Return every line below exactly, leaving nothing out.
BEGIN
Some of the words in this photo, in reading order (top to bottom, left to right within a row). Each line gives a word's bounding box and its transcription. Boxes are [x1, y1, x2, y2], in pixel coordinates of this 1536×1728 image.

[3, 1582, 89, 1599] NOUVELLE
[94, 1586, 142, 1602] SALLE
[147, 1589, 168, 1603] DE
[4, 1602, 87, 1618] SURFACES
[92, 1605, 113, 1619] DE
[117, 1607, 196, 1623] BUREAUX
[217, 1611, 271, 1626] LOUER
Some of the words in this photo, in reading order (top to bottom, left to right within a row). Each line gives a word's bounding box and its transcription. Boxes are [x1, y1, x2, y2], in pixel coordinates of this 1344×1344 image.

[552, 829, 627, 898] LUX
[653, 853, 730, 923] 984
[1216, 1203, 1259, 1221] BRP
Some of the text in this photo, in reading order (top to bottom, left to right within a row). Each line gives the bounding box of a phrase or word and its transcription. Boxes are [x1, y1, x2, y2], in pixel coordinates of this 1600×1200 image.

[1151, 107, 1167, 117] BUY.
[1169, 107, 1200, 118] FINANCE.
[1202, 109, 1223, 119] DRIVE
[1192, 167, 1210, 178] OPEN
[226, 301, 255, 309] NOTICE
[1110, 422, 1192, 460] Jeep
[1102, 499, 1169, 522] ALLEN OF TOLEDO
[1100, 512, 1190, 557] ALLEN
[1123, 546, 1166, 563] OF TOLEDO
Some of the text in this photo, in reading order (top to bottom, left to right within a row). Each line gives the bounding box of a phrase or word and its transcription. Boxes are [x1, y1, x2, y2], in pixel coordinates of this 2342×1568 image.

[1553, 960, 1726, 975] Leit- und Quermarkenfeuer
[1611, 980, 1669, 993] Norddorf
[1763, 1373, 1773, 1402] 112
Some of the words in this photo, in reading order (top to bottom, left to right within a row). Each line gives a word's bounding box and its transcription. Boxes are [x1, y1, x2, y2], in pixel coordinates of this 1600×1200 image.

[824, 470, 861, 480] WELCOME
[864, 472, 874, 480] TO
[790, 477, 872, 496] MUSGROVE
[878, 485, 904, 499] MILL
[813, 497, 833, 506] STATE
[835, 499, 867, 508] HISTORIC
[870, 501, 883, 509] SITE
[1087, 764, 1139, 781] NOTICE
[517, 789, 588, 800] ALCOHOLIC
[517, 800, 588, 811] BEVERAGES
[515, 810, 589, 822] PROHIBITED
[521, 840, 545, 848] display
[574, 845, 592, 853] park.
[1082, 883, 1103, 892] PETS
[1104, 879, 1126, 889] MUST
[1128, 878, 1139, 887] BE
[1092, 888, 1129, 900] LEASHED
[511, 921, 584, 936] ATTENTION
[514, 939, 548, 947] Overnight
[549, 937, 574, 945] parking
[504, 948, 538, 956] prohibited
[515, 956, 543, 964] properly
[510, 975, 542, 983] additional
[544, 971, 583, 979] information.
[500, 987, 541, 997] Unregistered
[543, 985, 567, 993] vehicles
END
Task answer =>
Some of the words in this photo, in reading order (top to bottom, left to right within a row). Each line gives a word's bounding box and its transcription. Boxes are [x1, y1, x2, y2], in pixel coordinates of this 1536×1728 image.

[3, 1582, 89, 1599] NOUVELLE
[94, 1586, 142, 1602] SALLE
[147, 1589, 168, 1603] DE
[4, 1602, 87, 1618] SURFACES
[92, 1605, 113, 1619] DE
[117, 1607, 196, 1623] BUREAUX
[217, 1611, 271, 1626] LOUER
Some of the words in this photo, in reading order (top to bottom, left to right within a row). Each line gives a word's bounding box and its transcription. Boxes are [x1, y1, x2, y2], in pixel coordinates of this 1344×1344 image.

[552, 829, 627, 898] LUX
[653, 853, 730, 923] 984
[1216, 1203, 1259, 1221] BRP
Some of the text in this photo, in reading order (top to bottom, left to right within a row). Each line gives the bounding box of a phrase or word and its transcription. Boxes are [x1, y1, x2, y2], in pixel coordinates of this 1600×1200 image.

[1151, 107, 1167, 117] BUY.
[1169, 107, 1200, 118] FINANCE.
[1202, 109, 1223, 119] DRIVE
[1192, 167, 1210, 178] OPEN
[226, 301, 255, 309] NOTICE
[1110, 422, 1192, 460] Jeep
[1102, 499, 1169, 522] ALLEN OF TOLEDO
[1100, 512, 1190, 557] ALLEN
[1123, 546, 1166, 563] OF TOLEDO
Some of the text in this photo, in reading order (top to bottom, left to right within a row). Each line gives the bounding box of a phrase or word and its transcription. Boxes are [x1, y1, x2, y2], in pixel coordinates of this 2342×1568 image.

[1553, 960, 1726, 975] Leit- und Quermarkenfeuer
[1611, 980, 1669, 993] Norddorf
[1763, 1373, 1773, 1402] 112
Some of the words in this photo, in reading order (top to bottom, left to right within a row). Each line gives a word's bounding box and its transcription. Boxes are [x1, y1, x2, y2], in pixel coordinates of this 1600×1200 image.

[824, 470, 861, 480] WELCOME
[864, 472, 874, 480] TO
[790, 477, 872, 496] MUSGROVE
[878, 485, 904, 499] MILL
[813, 497, 833, 506] STATE
[835, 499, 867, 508] HISTORIC
[870, 501, 883, 509] SITE
[1087, 764, 1139, 781] NOTICE
[517, 789, 588, 800] ALCOHOLIC
[517, 800, 588, 811] BEVERAGES
[515, 810, 589, 822] PROHIBITED
[521, 840, 545, 848] display
[574, 845, 592, 853] park.
[1082, 883, 1103, 892] PETS
[1104, 879, 1126, 889] MUST
[1128, 878, 1139, 887] BE
[1092, 888, 1129, 900] LEASHED
[511, 921, 584, 936] ATTENTION
[514, 939, 548, 947] Overnight
[549, 937, 574, 945] parking
[504, 948, 538, 956] prohibited
[515, 956, 543, 964] properly
[510, 975, 542, 983] additional
[544, 971, 583, 979] information.
[500, 987, 541, 997] Unregistered
[543, 985, 567, 993] vehicles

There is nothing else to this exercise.